Symone White still has a year and a half of law school at South Texas College of Law Houston (STCL Houston) to go before she earns a J.D., but that hasn’t stopped her from bolstering the next generation of diverse legal leaders.
She recently spearheaded “Discover Law Day” for approximately 100 underrepresented students from Yates High School in Houston. The event enabled the teenagers to experience “A Day in the Life of a Law Student,” which included a full day of mentoring by members of the school’s Black Law Students Association (BLSA); networking with STCL Houston professors, staff, and alumni; actual class simulations; a mock trial presentation; and a panel discussion with practicing Houston attorneys.
Sponsored by the Law School Admissions Council and hosted by the STCL Houston Admissions Office and BLSA chapter, Discover Law Day informed students from ethnically and racially diverse backgrounds about the importance of higher education, the steps they can take while in high school to achieve future education goals, and the opportunities afforded to law school graduates.
“I think it is critical for young high school students considering college to realize that – as minorities – they can achieve great career success in fields other than sports or music,” said White, president of BLSA at STCL Houston. “As the first in my family to attend law school, I understand how intimidating these goals can be. My message to these students was to be confident enough to make big goals, assertive enough to learn how to reach them, and persistent enough to never give up on their dreams.”
And if anyone has an excuse to default on lifelong goals, it is White.
“When I first was diagnosed with epilepsy my freshman year of college at Texas State University, I was crushed,” she revealed. “I’ve wanted to be a lawyer for as long as I can remember, and I was so afraid that my health might prevent me from realizing that dream.”
Upon her diagnosis, her doctor warned her that epilepsy can be triggered by high-stress situations, and she knew the pressure of law school certainly would fit that bill. Instead of surrendering her academic aims, however, she worked with her physician to learn how to best cope with her illness – while simultaneously earning her law degree. While some students have the option of studying well into the night for classes or exams, White knows her limits. She maintains a regular 10:30 p.m. bedtime, ensuring she gets the necessary eight hours of sleep her brain needs to function at its best. Likewise, she has learned ways to manage the stress that law school invariably brings, knowing that much more than her GPA is at stake.

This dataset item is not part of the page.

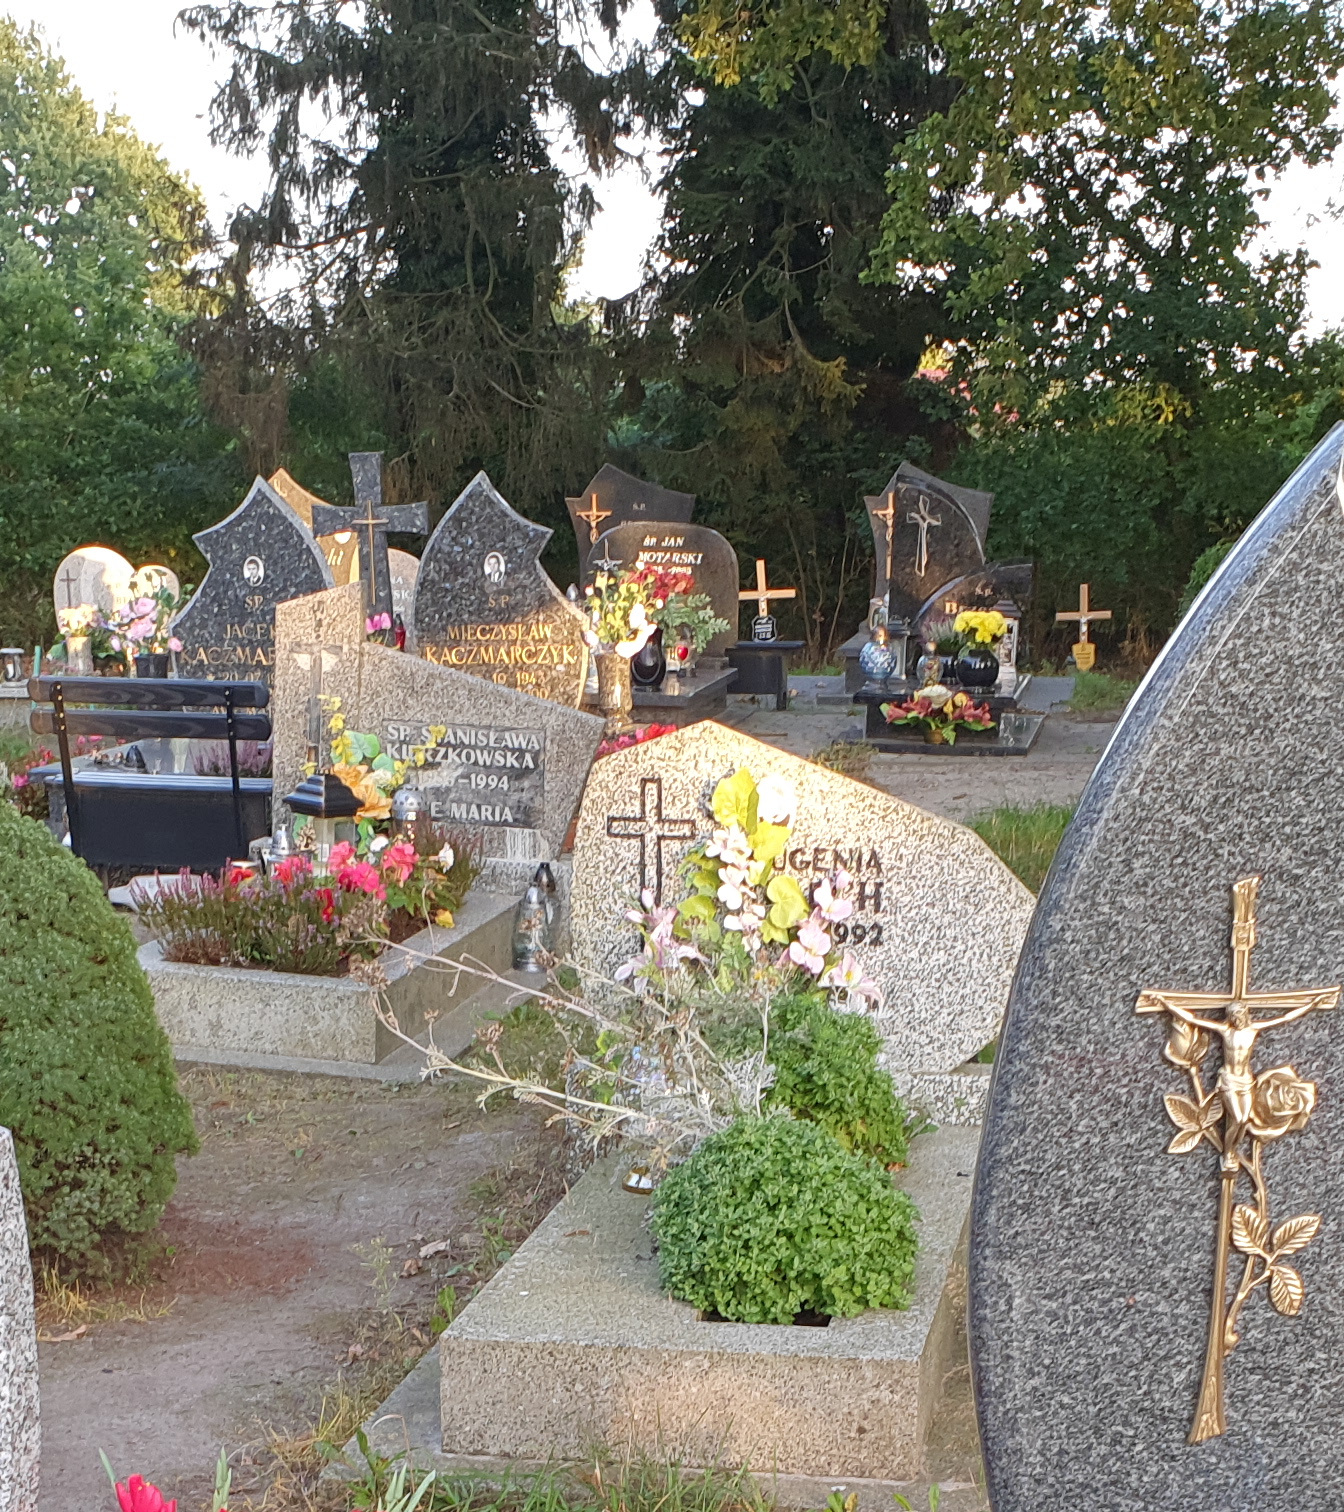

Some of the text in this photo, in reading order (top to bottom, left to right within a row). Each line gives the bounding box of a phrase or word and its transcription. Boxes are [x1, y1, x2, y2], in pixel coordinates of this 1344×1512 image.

“If I can manage my epilepsy while pursuing my law degree, I know others can earn their educations in spite of seemingly overwhelming economic or societal obstacles,” said White. “Many of the teenagers we hosted for Discover Law Day didn’t even know that they need a college degree before going to law school. And even more of them have trouble seeing themselves in my shoes because college, and especially law school, seem like an impossibility. It is important for these students to meet role models who have beaten the odds – and are even making a difference for others in their community.”
And White is doing just that.
As an ambassador – both for African-American students and her law school – she recently won accolades for her leadership and activism. The Southwest region of the National Black Law Students Association (SWBLSA) named White “Chapter President of the Year” in January, and recognized the STCL Houston BLSA chapter as “Large Chapter of the Year” among 17 other chapters in the region – including Texas, Arkansas, Louisiana, and Oklahoma.
“My whole life, I’ve never accepted the word, ‘No,’” said White. Despite the odds, I refuse to put my goals on hold because of potential barriers I might face. I hope that, through Discover Law Day and my other contributions as BLSA president at STCL Houston, I might inspire those coming after me to adopt a different, more positive attitude about the obstacles in their own lives. Our community – and the profession of law – need more hardworking, passionate minorities advocating for issues important to us.”